Top of Material for this exercise
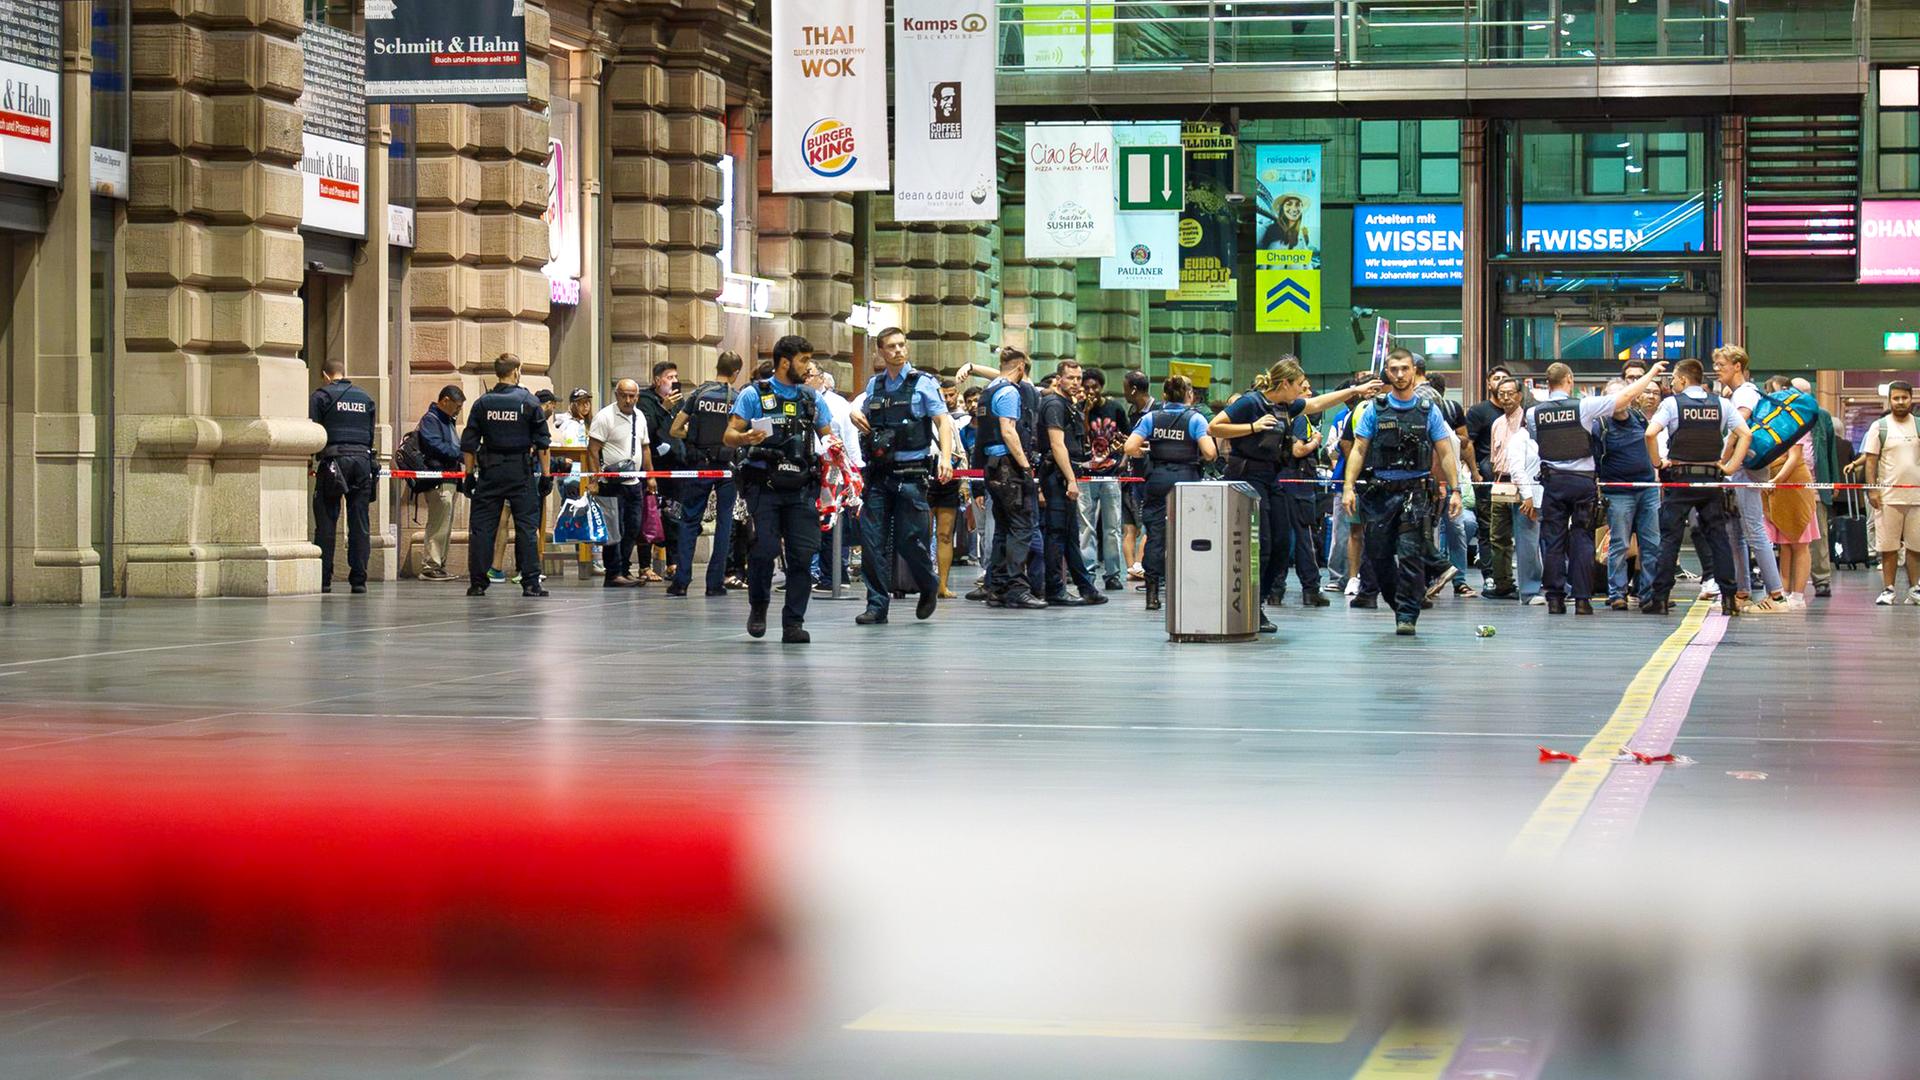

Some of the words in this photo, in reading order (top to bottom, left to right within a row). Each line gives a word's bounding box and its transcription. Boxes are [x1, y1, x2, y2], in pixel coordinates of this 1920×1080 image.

[903, 17, 958, 34] Kamps
[802, 25, 855, 45] THAI
[373, 37, 444, 54] Schmitt
[448, 36, 464, 52] &
[468, 36, 520, 52] Hahn
[816, 48, 838, 56] FRESH
[840, 47, 865, 55] YUMMY
[434, 56, 452, 64] Buch
[466, 55, 489, 63] Presse
[801, 57, 856, 78] WOK
[4, 78, 15, 111] &
[18, 81, 51, 118] Hahn
[930, 122, 961, 133] COFFEE
[807, 127, 853, 150] BURGER
[809, 137, 855, 166] KING
[1030, 142, 1065, 165] Ciao
[1069, 141, 1109, 164] Bella
[1266, 155, 1311, 164] reisebank
[327, 152, 334, 178] &
[336, 154, 359, 183] Hahn
[898, 190, 924, 200] dean
[927, 191, 933, 200] &
[935, 190, 964, 200] david
[1365, 213, 1414, 225] Arbeiten
[1416, 213, 1436, 224] mit
[1046, 221, 1074, 230] SUSHI
[1076, 221, 1094, 230] BAR
[1365, 230, 1464, 252] WISSEN
[1266, 251, 1306, 263] Change
[1365, 258, 1380, 267] Wir
[1381, 258, 1418, 268] bewegen
[1437, 257, 1455, 266] weil
[1184, 257, 1215, 270] EURO
[1117, 267, 1163, 276] PAULANER
[1180, 268, 1227, 281] ACKPOT
[1365, 271, 1378, 279] Die
[1379, 271, 1420, 280] Johanniter
[1421, 271, 1448, 279] suchen
[1450, 271, 1463, 279] Mit
[336, 401, 366, 413] POLIZEI
[698, 400, 728, 414] POLIZ
[486, 410, 518, 421] POLIZEI
[1538, 409, 1576, 424] POLIZEI
[1683, 408, 1720, 420] POLIZEI
[1379, 421, 1396, 430] POLIZEI
[1153, 427, 1185, 441] POLIZEI
[778, 463, 801, 472] POLIZEI
[1232, 531, 1242, 614] Abfall
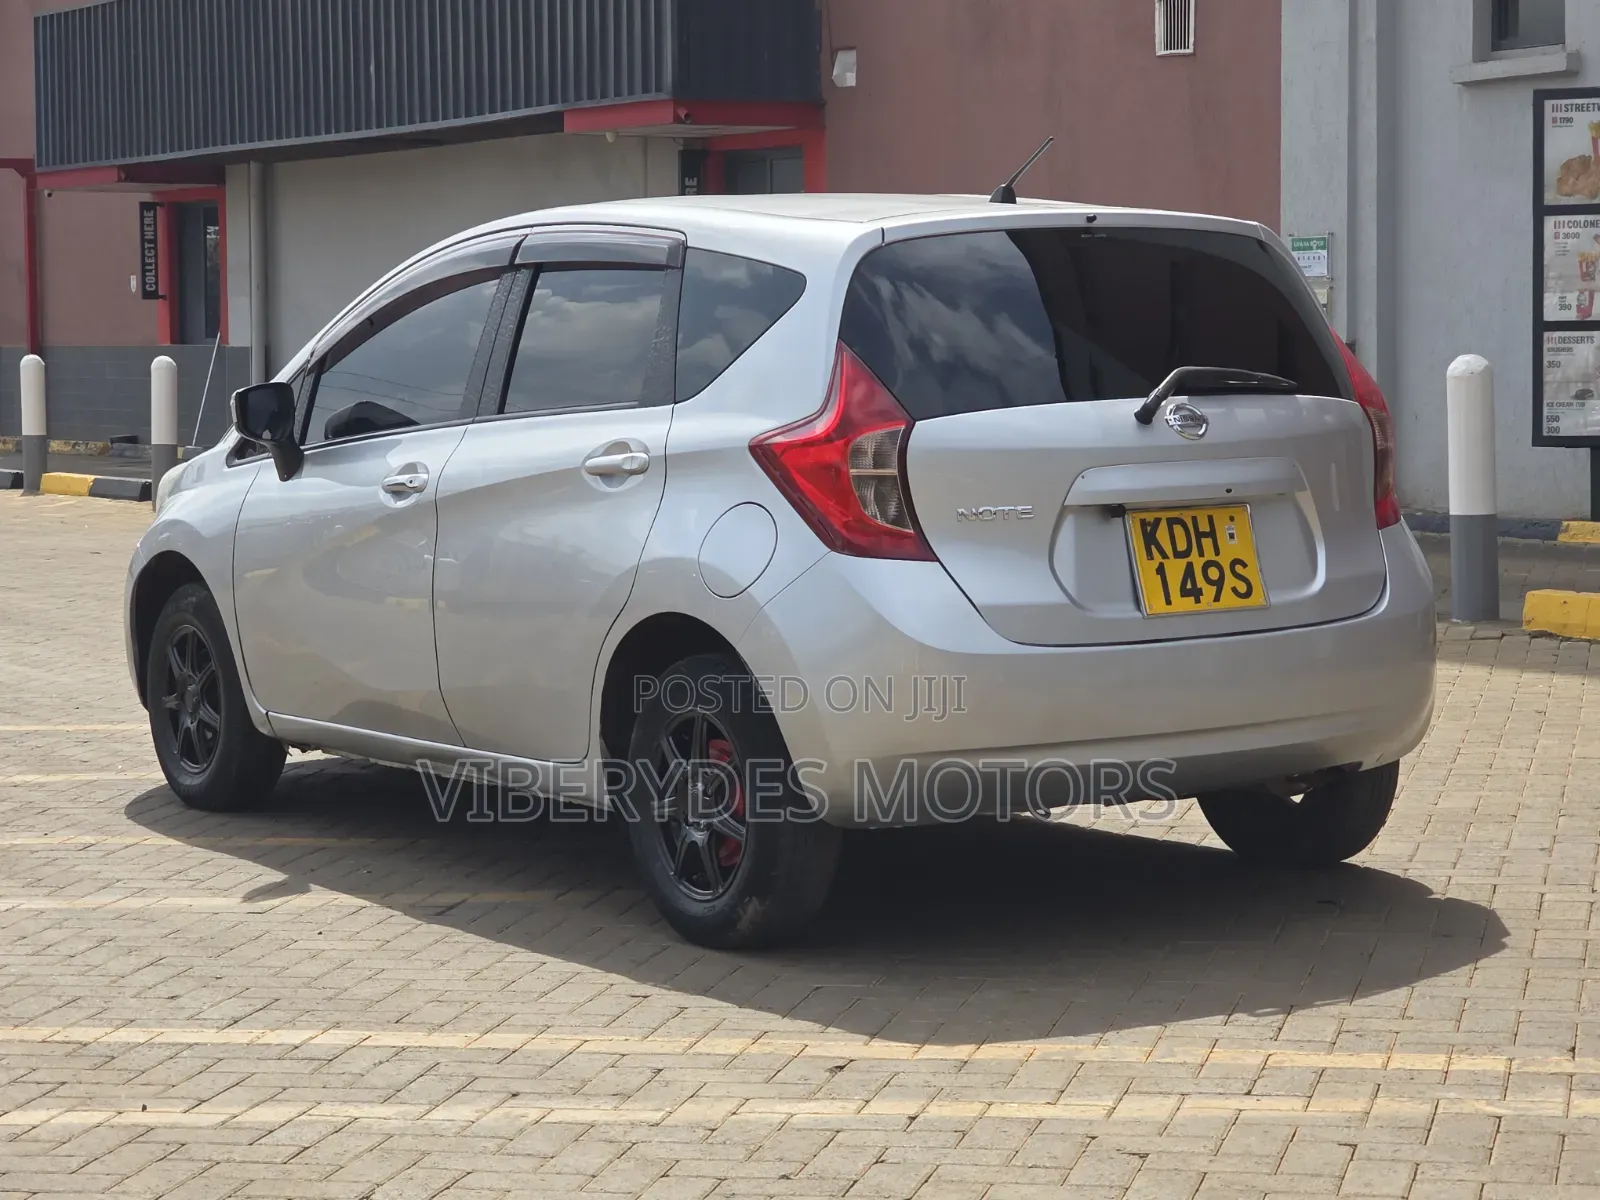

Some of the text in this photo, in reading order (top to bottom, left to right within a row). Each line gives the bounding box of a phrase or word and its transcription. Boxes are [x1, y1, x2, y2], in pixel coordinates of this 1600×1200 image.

[1562, 231, 1581, 240] 3000
[144, 209, 156, 291] COLLECT HERE
[1558, 303, 1572, 311] 390
[1557, 335, 1595, 345] DESSERTS
[1546, 360, 1561, 369] 350
[1545, 414, 1560, 423] 550
[1545, 425, 1561, 434] 300
[956, 505, 1035, 522] NOTE
[1139, 514, 1221, 561] KDH
[1155, 557, 1254, 606] 149S
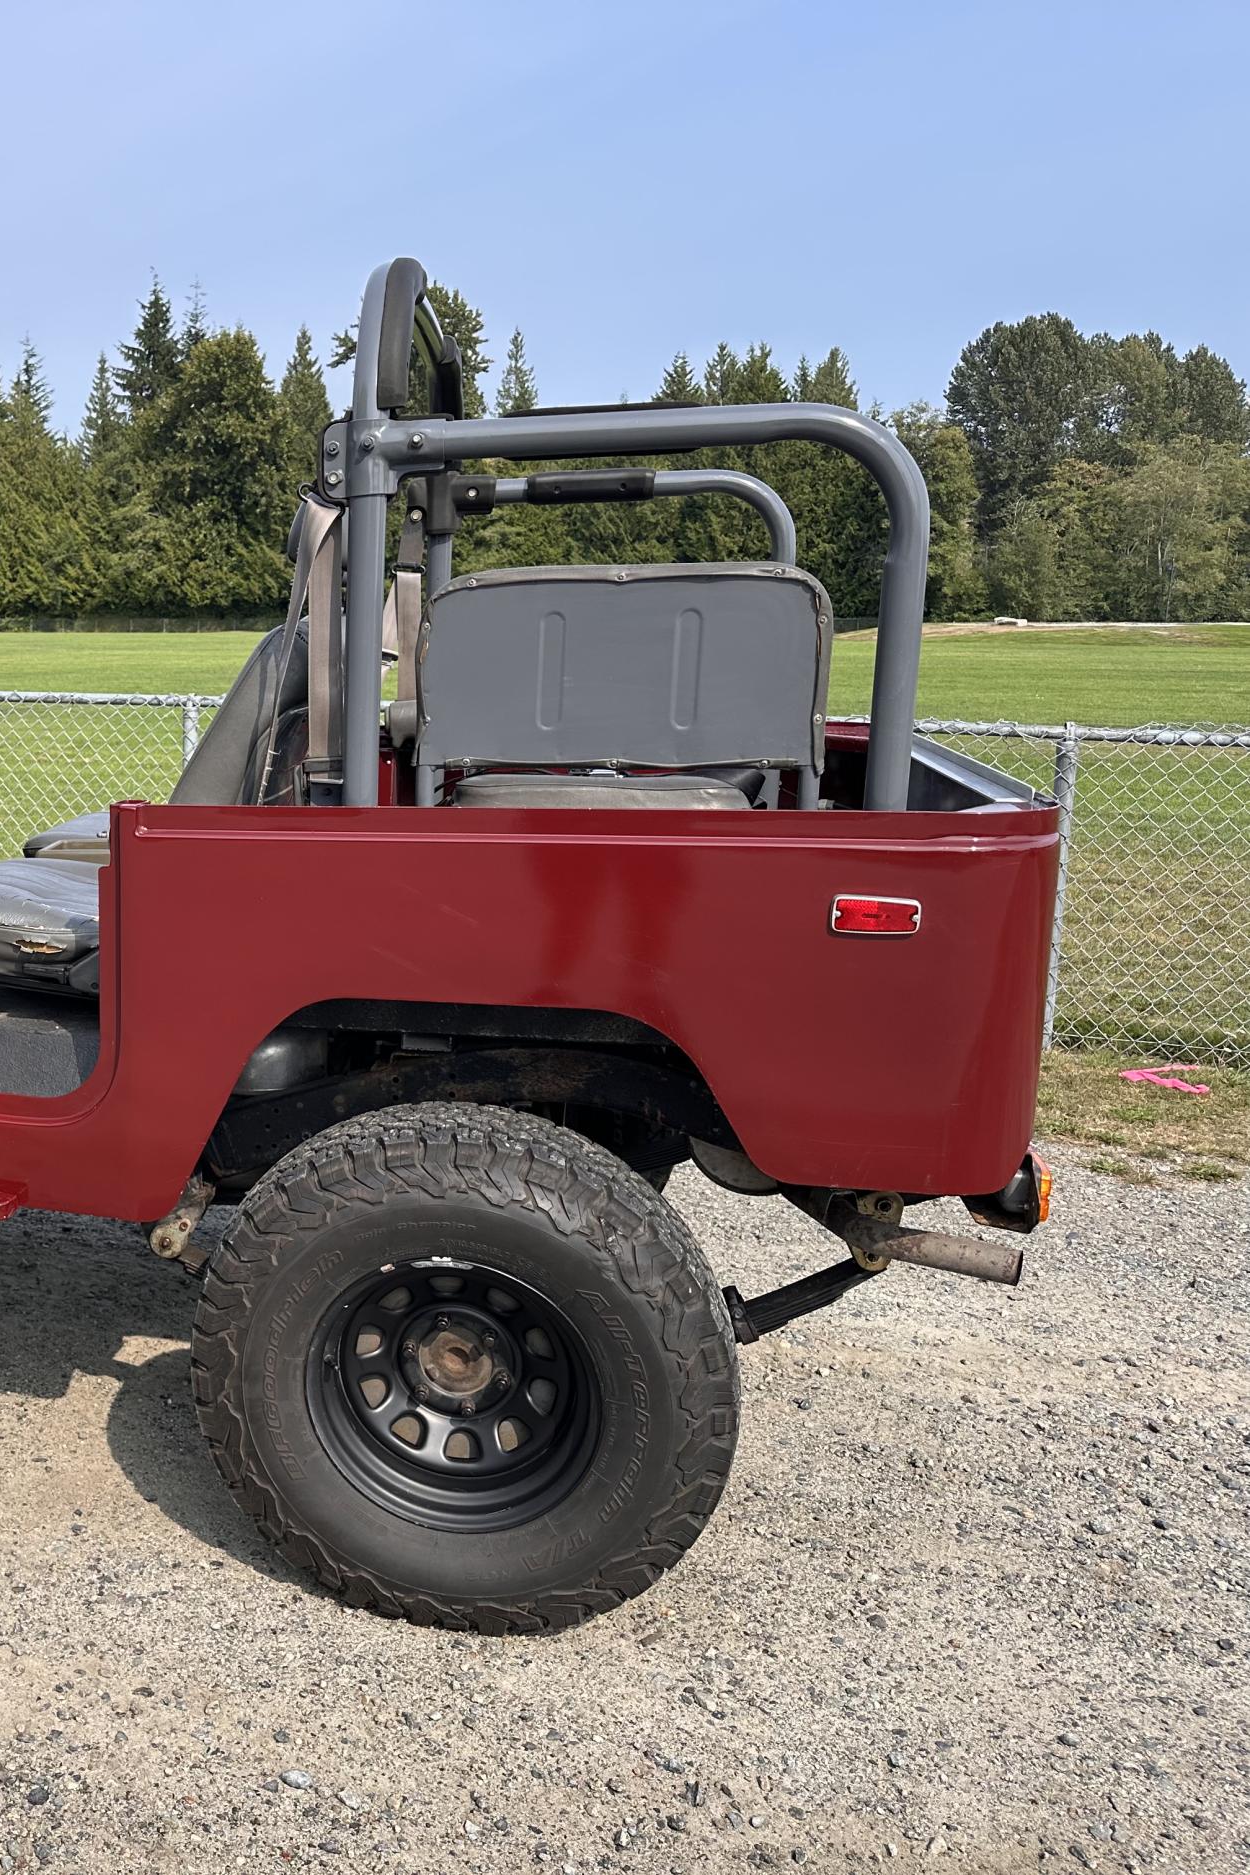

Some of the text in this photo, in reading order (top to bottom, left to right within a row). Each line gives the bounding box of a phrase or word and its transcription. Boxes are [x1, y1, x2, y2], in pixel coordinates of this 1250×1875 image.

[257, 1248, 345, 1482] BFGoodrich
[575, 1288, 652, 1524] All-Terrain
[523, 1529, 593, 1573] T/A
Bottom of Material for this exercise
What needs to be done
From the line containing "this 1250×1875 image." down to the last line of the data above, copy every line exactly; leave out all other lines.

Output for this task
Some of the text in this photo, in reading order (top to bottom, left to right within a row). Each line gives the bounding box of a phrase or word and its transcription. Boxes are [x1, y1, x2, y2], in pixel coordinates of this 1250×1875 image.

[257, 1248, 345, 1482] BFGoodrich
[575, 1288, 652, 1524] All-Terrain
[523, 1529, 593, 1573] T/A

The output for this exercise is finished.